Amanda se agarraba las manos, trataba de mirar a todos el tiempo suficiente para esquivar los contactos visuales. “Evite los roces” le habían dicho sus colegas. Su esponjoso rostro adolescente contrastaba con el semblante duro y frío de las demás maestras. Su ejercicio de observación se interrumpió sólo cuando la Madre Rebeca dijo su nombre en el micrófono: “…Su nueva profesora de Ciencias Sociales, Amanda Palermo.”
Sólo entonces se volvieron inútiles todas esas previsiones: no los mires a los ojos, no les demuestres temor, no agaches la cara, mira al frente, todo se desapareció por un momento. Entonces fue avanzando hacia la tarima, subió los escalones sintiendo cómo el estómago se le retorcía de miedo y cuando estuvo frente a la multitud de jóvenes se dejó llevar.

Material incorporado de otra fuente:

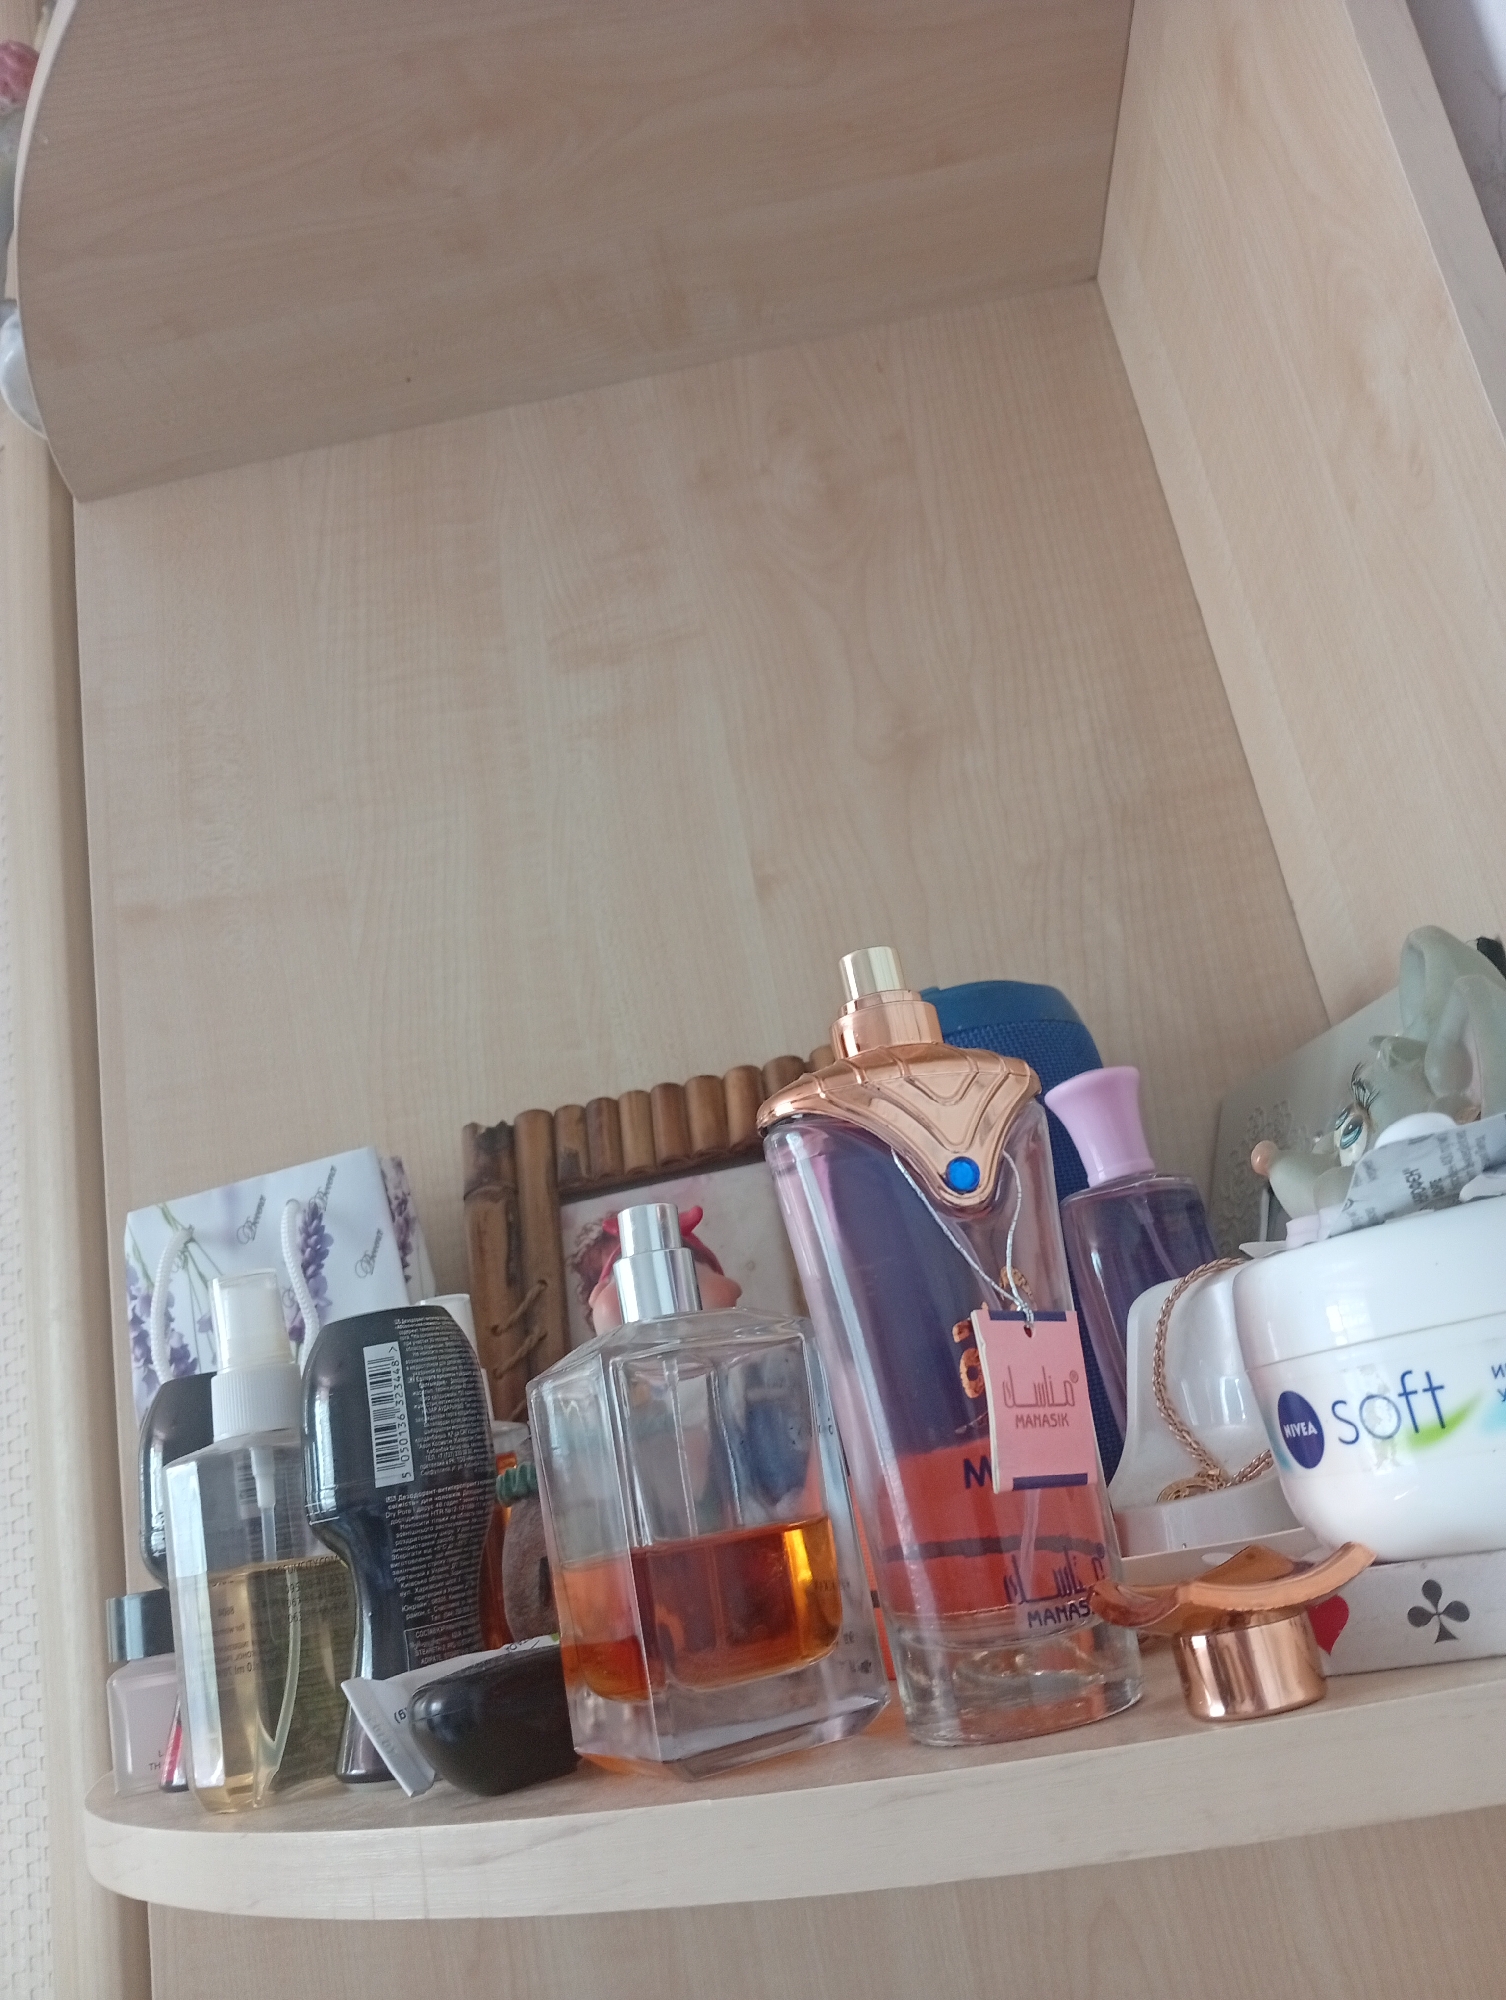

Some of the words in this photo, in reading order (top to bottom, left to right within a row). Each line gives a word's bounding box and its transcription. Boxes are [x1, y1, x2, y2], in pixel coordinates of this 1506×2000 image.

[1015, 1412, 1070, 1429] MANASIK
[1283, 1421, 1318, 1439] NIVEA
[1027, 1599, 1096, 1628] MANAS

Lukas Howedes, ajeno al temor de aquella maestra, temía por sí mismo. Acababa de entrar al colegio, estaba en la escala más baja de la cadena alimenticia y aunque poco a poco iba comprendiendo que todo lo que le habían dicho de los colegios católicos exclusivos para varones era una reverenda mentira, no podía sentirse tranquilo, sentía que todo era una trampa y que en algún momento algún bravucón lo enfrentaría y le quitaría todo su dinero y lo llevarían al baño a darse un baño en el excusado. Por ello no se confiaba de las amistosas preguntas que escuchaba en las filas del patio (ordenadas por grados 1ro, 2do, 3ro, 4to, 5to) y respondía con una seriedad que delataba su nerviosismo. Fue entonces cuando Lukas escuchó la voz que habría de atormentarlo noches enteras. “Buenos días, mi nombre es Amanda Palermo, soy psicóloga, y estaré encargada de los años 3ro, 4to y 5to”. Ahí Lukas dejó de escuchar, porque sintió entrar en una desgracia repentina, quiso protestar airadamente, blasfemar. Y enseguida la lluvia los dispersó y vio desaparecer a la nueva maestra entre las demás maestras y corrió como todos a buscar a un rincón donde resguardarse de la lluvia.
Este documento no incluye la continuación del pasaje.